Things go very Sisters circa ’85 with ‘Marry Me’, and the guitar work is clearly heavily influenced by Wayne Hussey, as are the vocals: this is their reimagining of the Sisters’ ‘Garden of Delight’ demo and it’s taut and murky, and they’ve got that heavily-chorused / valve sound nailed, and it’s that circa ’85 / ’86 vibe that drifts like a creeping smog of dry ice from every corner of Perfumes and Fripperies, aided by a dense production. While the swirling guitars are most obviously the defining aspect of the sound, the bass is thick and boomy, to the extent that you don’t so much hear the basslines as feel them, and they fill out the sound without being able to specifically separate the bass. Said shuddering bass is welded in a tight 4/4 to the mechanised drum tracks, which are pitched relatively low but are relentless – precisely as they should be.

There’s inevitably an element of comparing the motifs with precursive signatures: the tunnel-like vocal reverb is a Sisters signature that’s become a trope that so many bands have tried to emulate, with varying degrees of success.

The aforementioned ‘Everything’ is a hypnotic mesh of shoegaze that draws together early Lorries and All About Eve’s ‘Phased’, and Troy Payne’s vocals are treated with a steely metallic edge that replicates Chris Reed’s sound. Elsewhere, if the drum sound and overall structure of ‘Emily Closer’ is a Sisters / Rosetta Stone / Suspiria lift, the atmosphere is more Curesque, which the title kind of implies is the aim, and ‘Big Empty’ is hollow, brittle, a blanks pace of flanged bass and claustrophobically intense reverb.

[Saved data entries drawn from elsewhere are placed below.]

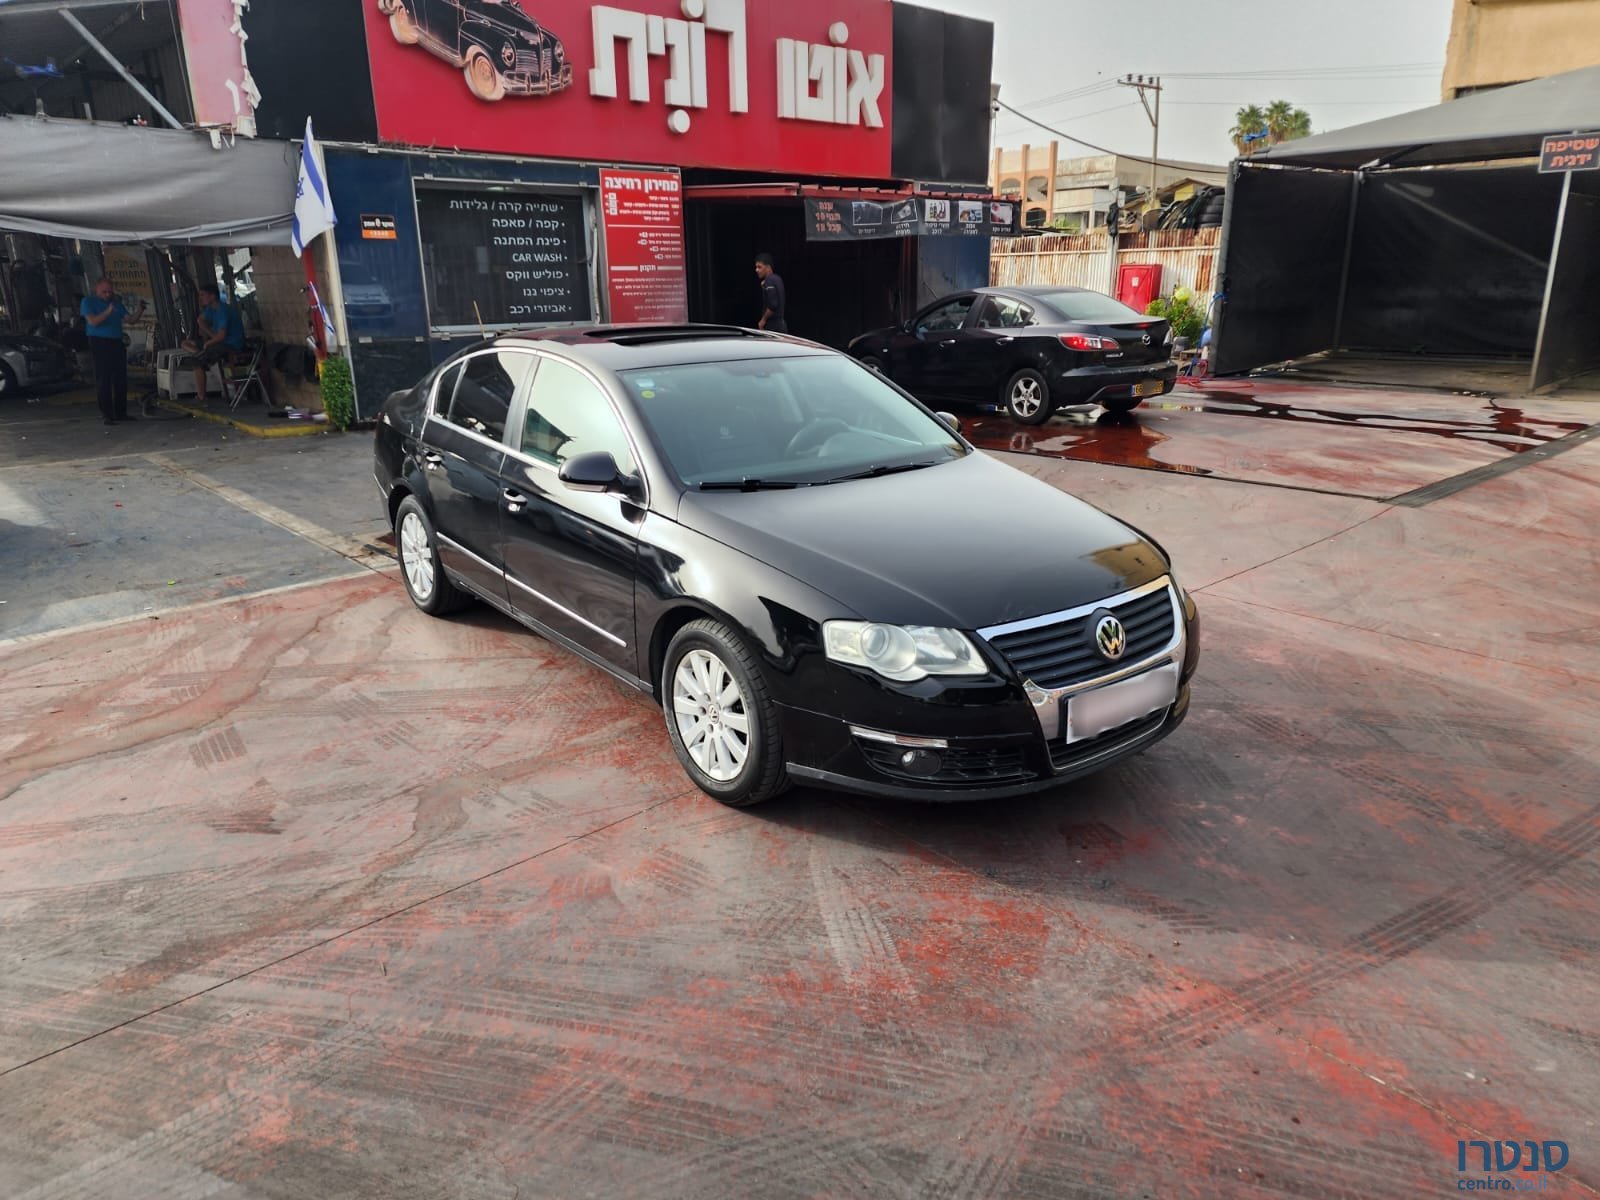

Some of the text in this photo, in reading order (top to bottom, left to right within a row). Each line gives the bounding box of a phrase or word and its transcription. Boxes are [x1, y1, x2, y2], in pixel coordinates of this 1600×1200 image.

[589, 0, 885, 134] אוטו רונית
[1550, 153, 1593, 168] ידנית
[604, 176, 679, 194] מחירון רחיצה
[449, 199, 489, 211] גלידות
[498, 202, 522, 214] קרה
[525, 203, 558, 213] שתייה
[492, 218, 526, 228] מאפה
[535, 219, 559, 231] קפה
[493, 236, 561, 246] פינת המתנה
[512, 253, 562, 262] CAR WASH
[505, 269, 563, 282] פוליש ווקס
[523, 287, 565, 297] ציפוי ננו
[509, 303, 567, 314] אביזרי רכב

‘Figurine’ marks a lurch into Fields of the Nephilim, and with the bombastic layers of female backing vocals wafting over some icy synths and a bassline that’s pure Simon Gallup on the last track, ‘Rusted’, it seems like The Wake have got all the goth bases covered. On the one hand, I should be irritated, as these things perpetuate the sameness of goth bands that’s been a bugbear of mine for years, largely because it feels self-limiting, like a genre trapped in time. But when it’s this well executed and the songs and production are this strong… you just can’t knock it.

Perfumes and Fripperies isn’t a great title, but it is a great album.